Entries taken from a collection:

***

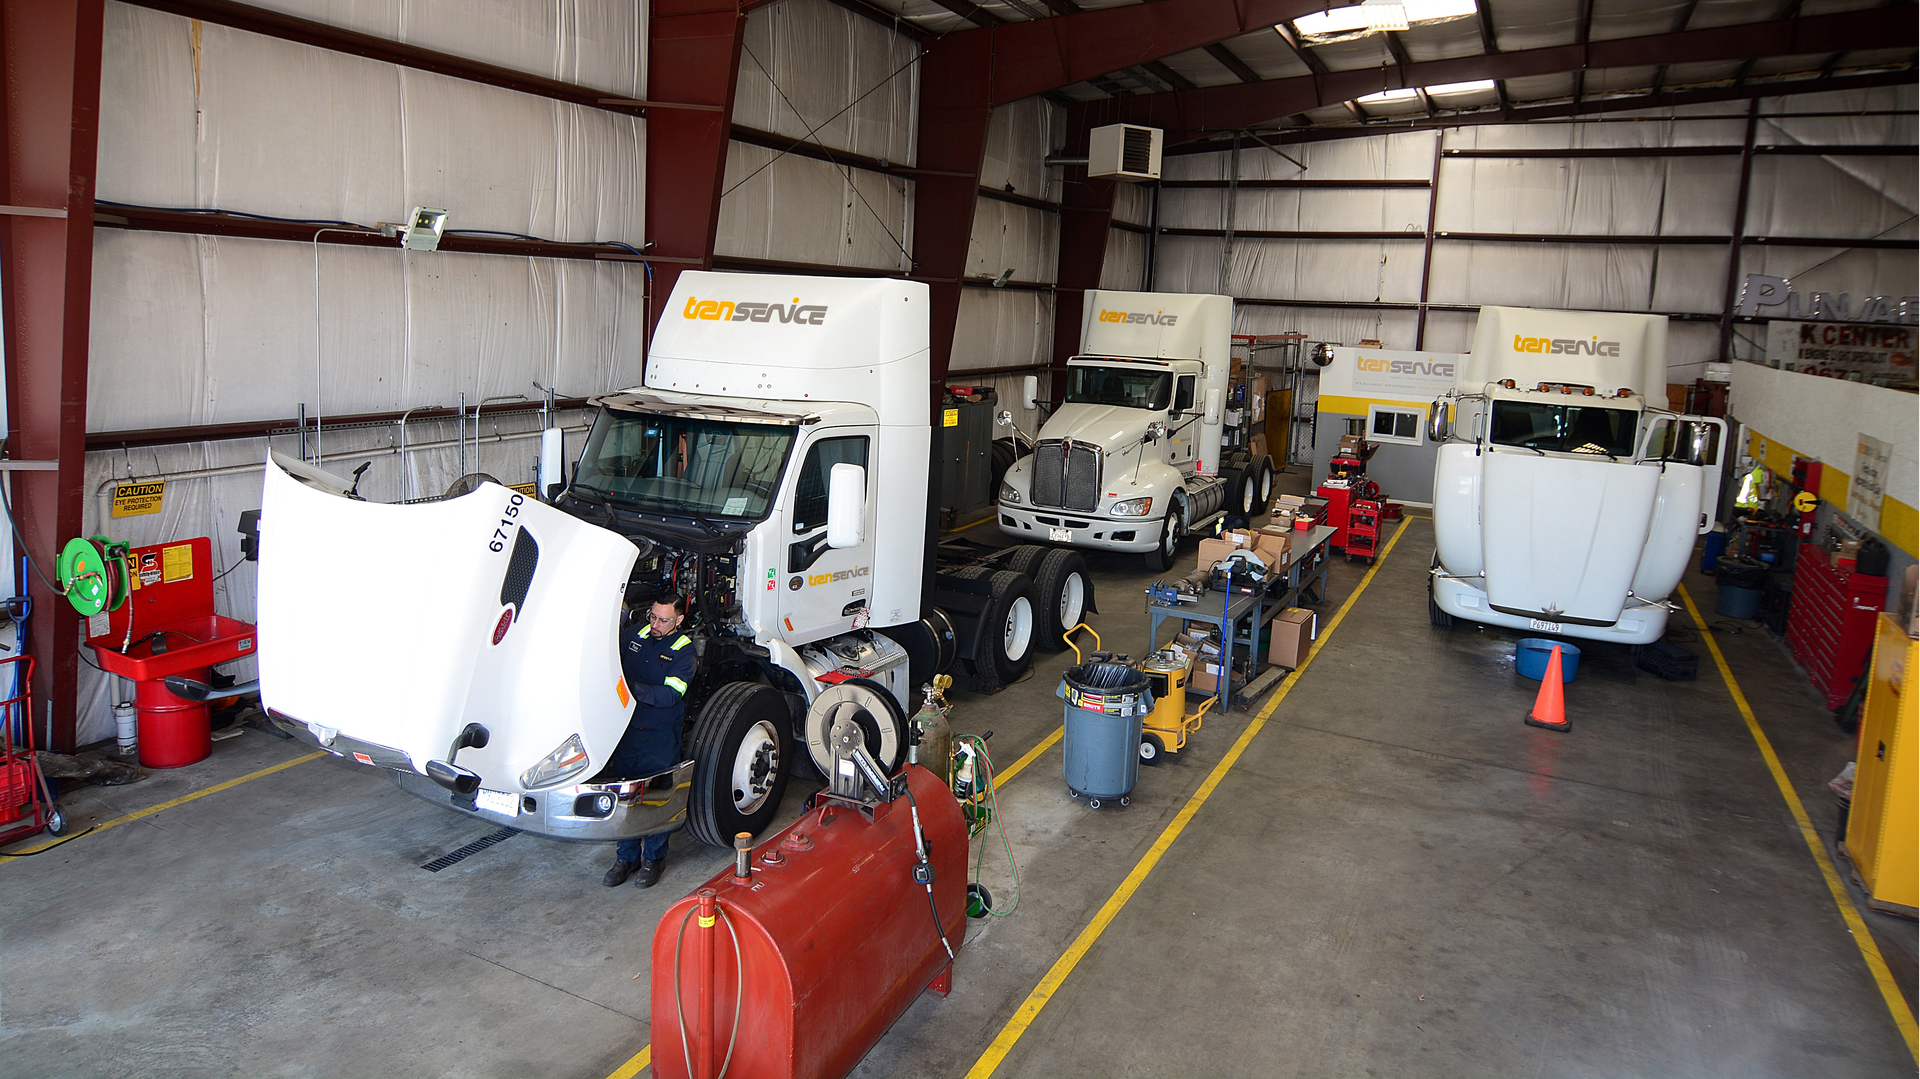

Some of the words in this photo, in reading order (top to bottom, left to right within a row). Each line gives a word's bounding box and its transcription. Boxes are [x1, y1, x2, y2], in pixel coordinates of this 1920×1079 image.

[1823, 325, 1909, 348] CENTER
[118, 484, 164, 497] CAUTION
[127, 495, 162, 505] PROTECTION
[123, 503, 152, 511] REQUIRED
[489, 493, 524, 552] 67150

***

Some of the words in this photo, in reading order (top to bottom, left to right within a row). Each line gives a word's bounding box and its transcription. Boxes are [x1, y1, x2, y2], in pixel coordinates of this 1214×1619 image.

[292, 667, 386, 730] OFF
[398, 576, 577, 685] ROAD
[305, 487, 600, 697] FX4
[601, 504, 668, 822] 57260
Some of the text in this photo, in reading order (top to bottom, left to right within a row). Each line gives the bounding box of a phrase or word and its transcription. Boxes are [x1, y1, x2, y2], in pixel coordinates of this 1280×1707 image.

***

◆ REQUIRED ACTION:
Would you output, from the records above, exactly the run of lines that starts at the line containing "this 1214×1619 image." and ends at the line containing "Some of the text", and only that run?

◆ REPLY:
Some of the words in this photo, in reading order (top to bottom, left to right within a row). Each line gives a word's bounding box and its transcription. Boxes are [x1, y1, x2, y2], in pixel coordinates of this 1214×1619 image.

[292, 667, 386, 730] OFF
[398, 576, 577, 685] ROAD
[305, 487, 600, 697] FX4
[601, 504, 668, 822] 57260
Some of the text in this photo, in reading order (top to bottom, left to right within a row). Each line gives the bounding box of a phrase or word and its transcription. Boxes are [x1, y1, x2, y2], in pixel coordinates of this 1280×1707 image.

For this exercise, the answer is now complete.